Talking About Sex: A Guide for Families, created and produced for Planned Parenthood, won the Educational Film Award at the Annecy International Animation Film Festival in 1997.

It's Still Me: A Guide for People with Aphasia & Their Loved Ones, a 17-minute film from 2009, explains aphasia and offers ways of communicating without words. It was inspired by Kugel's mother, who was aphasic for twelve years after a massive stroke.

==Filmography==

| Title | Year(s) | Notes | Client |
|---|---|---|---|
| Scratch Harry | 1969 | animation | Cannon Film Distributors |
| Weekend | 1974–1979 | animated sequences | NBC |
| The Berenstain Bears' Christmas Tree | 1979 | TV special | Joseph Cates Company |
| The Dough Nuts | 1980–1981 | interstitial series | Greengrass Productions |
| The Berenstain Bears Meet Bigpaw | 1980 | TV special | Joseph Cates Company |
| Strawberry Shortcake in Big Apple City | 1981 | TV special | Muller Rosen Productions |
| The Berenstain Bears' Easter Surprise | 1981 | TV special | Joseph Cates Company |
| The Berenstain Bears' Comic Valentine | 1982 | TV special | Joseph Cates Company |
| Willie Survive | 1982 | interstitial series | Greengrass/Olin/Lawrence Productions |
| USA Cartoon Express | 1982–1991 | openings and bumpers | USA Network |
| Calliope | 1982–1983 | animation | USA Network |
| The Berenstain Bears Play Ball | 1983 | TV special | Joseph Cates Company |
| Playboy's Hot Rocks | 1983 | graphics | The Playboy Channel |
| Deck the Halls with Wacky Walls | 1983 | TV special | NBC |
| Computer Critters | 1984 | interstitial series | ABC |
| Zack Of All Trades | 1984 | interstitial series | ABC |
| Sunday Showdown | 1984 | opening titles | USA Network |
| Teen Wolf | 1986 | opening and end credits | Southern Star Productions |
| Munchies | 1987 | title sequence | New Concorde |
| ABC Fun Facts | 1988–1989 | interstitial series | ABC |
| Sesame Street | 1988–1991 2005 | animated sequences | Sesame Workshop |
| Playboy Late Night | 1992 | animation | Playboy TV |
| Square One Television | 1992 | "The Further Adventures of Zook & Alison" | Children's Television Workshop |
| Sports Illustrated for Kids: TV Sports Quiz | 1993 | Buzz Beamer animation | HBO |
| Money Made Easy: The ABC Kids' Guide to Dollars and Sense | 1994 | animation | Greengrass Productions |
| Square One TV Math Talk | 1995–1996 | animation | Children's Television Workshop |
| Talking About Sex: A Guide for Families | 1996 | direct-to-video | Planned Parenthood Federation of America, Inc. |
| AGTV | 1998 | opening, closing and bumpers | American Girl |
| Nick Jr.
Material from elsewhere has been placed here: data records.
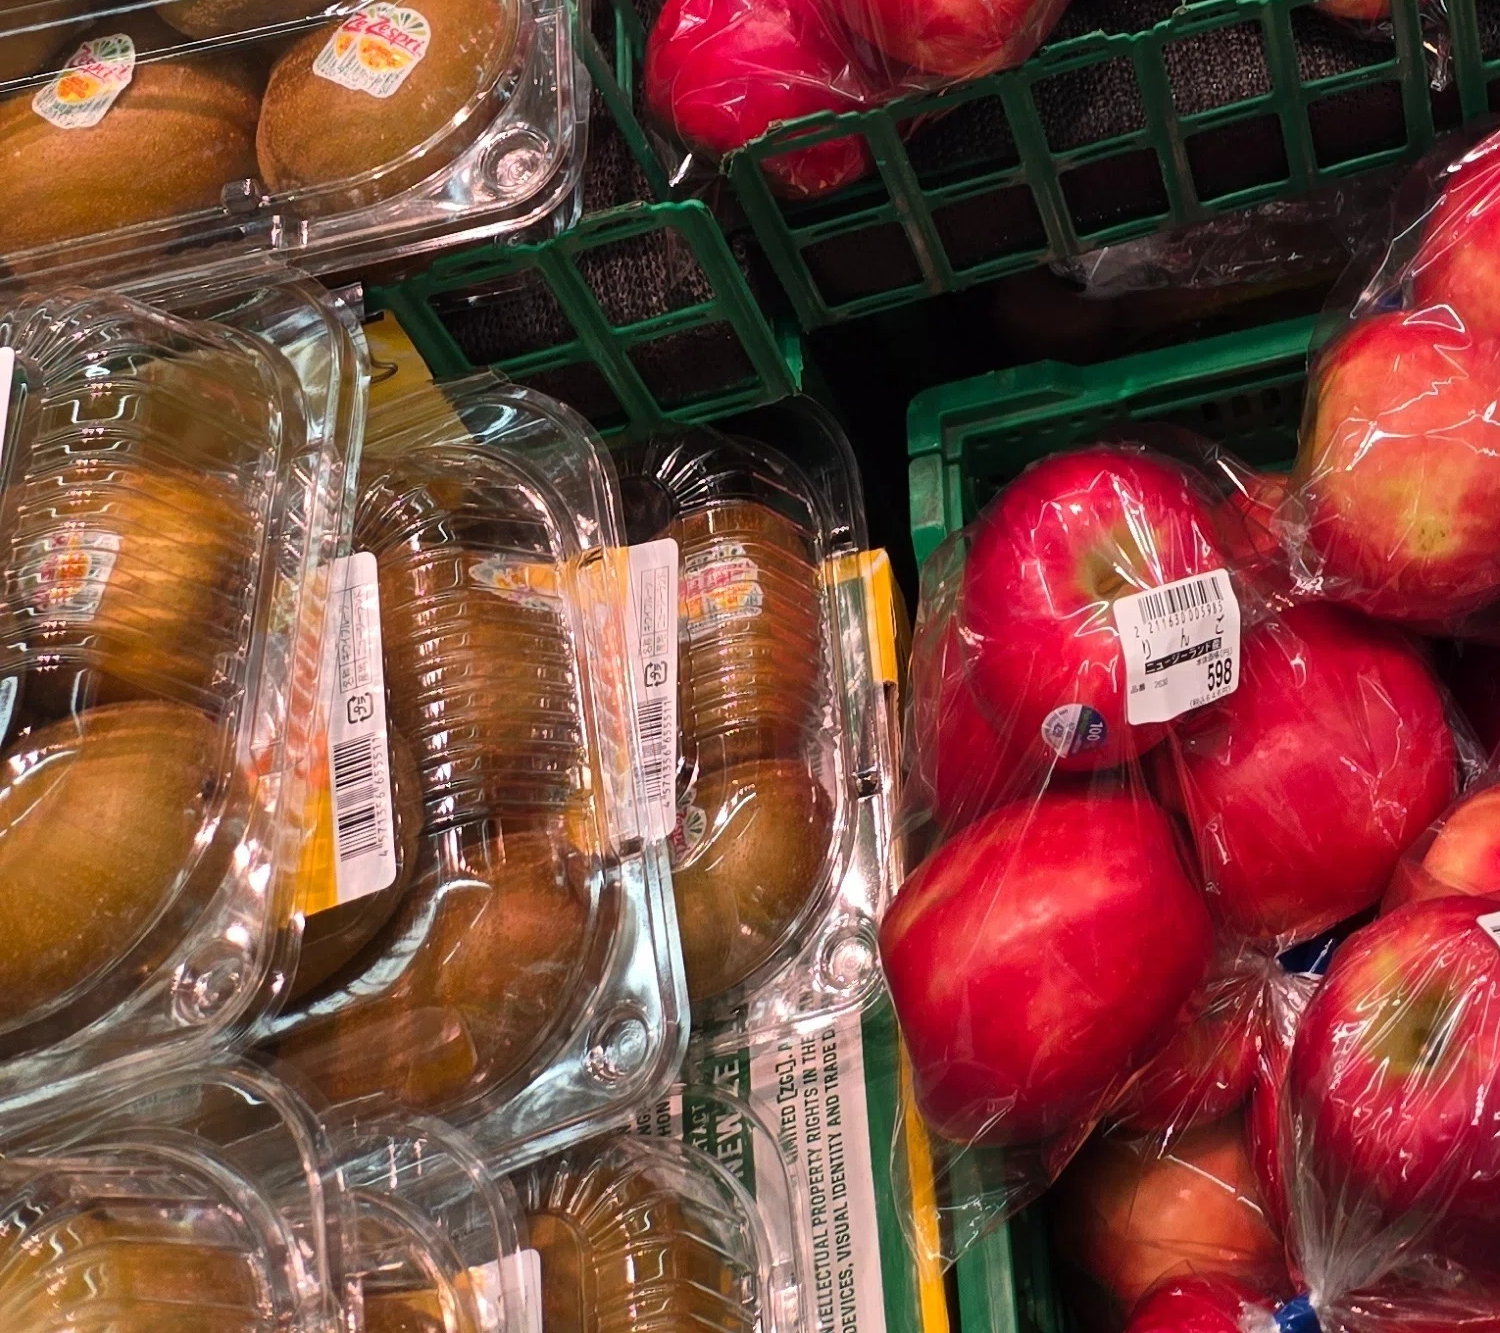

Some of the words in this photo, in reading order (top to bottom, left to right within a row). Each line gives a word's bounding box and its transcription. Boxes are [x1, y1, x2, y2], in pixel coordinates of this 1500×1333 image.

[1140, 617, 1226, 660] りんご
[1144, 636, 1223, 675] ニュージーランド産
[1206, 657, 1234, 691] 598
[801, 1035, 818, 1065] THE
[822, 1043, 839, 1091] TRADE
[803, 1067, 818, 1084] IN
[803, 1087, 822, 1144] RIGHTS
[824, 1094, 840, 1127] AND
[714, 1111, 744, 1179] NEW
[827, 1129, 848, 1200] IDENTITY
[807, 1147, 828, 1227] PROPERTY
[833, 1203, 854, 1263] VISUAL
[812, 1228, 836, 1333] NTELLECTUAL
Show and Tell | 1998 | interstitial series | Nick Jr. Channel |
| Elmo's World | 2001 | "Birthdays, Games, & More!" segue sequences | Sesame Workshop |
| Maya & Miguel | 2004–2007 | creative checking | Scholastic |
| Between the Lions | 2006–2010 | animation | WGBH/Sirius Thinking |
| Schoolhouse Rock: Earth | 2009 | "The Rainforest" | ABC |
| TED-Ed | 2012–2013 | seven videos | TED |

===Short films===
- Woman: Who Is Me? (1976)
- Inbetweening America (1977)
- Confessions of a Starmaker (technical assistance, 1978)
- So What If It Rains? (1979) (animation; produced by Manno Productions and Alternate Choice)
- Audition (1980)
- My Film, My Film, My Film (1983)
- A Warm Reception in L.A. (1987)
- Animated Self-Portrait (1988)
- Snowie and the Seven Dorps (1990)
- Fast Food Matador (1991)
- We Love It (1992)
- The Ballad of Archie Foley (1995)
- KnitWits (1997)
- KnitWits Revisited (1999)
- Life: A New York Ani-Jam (animated contribution, 1999)
- (it was . . .) Nothing At All (2000)
- Piscis (2001)
- Juan Bobo's Birthday Party (2002)
- Command-Z (2005)
- What I Want (music video, 2005)
- Right (2007)
- dEVOLUTION (2008)
- It's Still Me! A Guide For People With Aphasia & Their Loved Ones (2009)
- The Last Time (2012)
- iHeed: Two Simple Ways To Treat Water (2012)
- iHeed: Access to Family Planning is a Human Right (2013)
- Blessings of the Season (2013)
- My Depression (The Up and Down and Up of It) (2014) (animation)
- Vashti (2018)
- I, Candy (2018)

===Commercials===

- 3M (1970s)
- American Academy of Pediatrics (1984, 1988)
- American Eagle (1986)
- AnMed Health Medical Center (2003)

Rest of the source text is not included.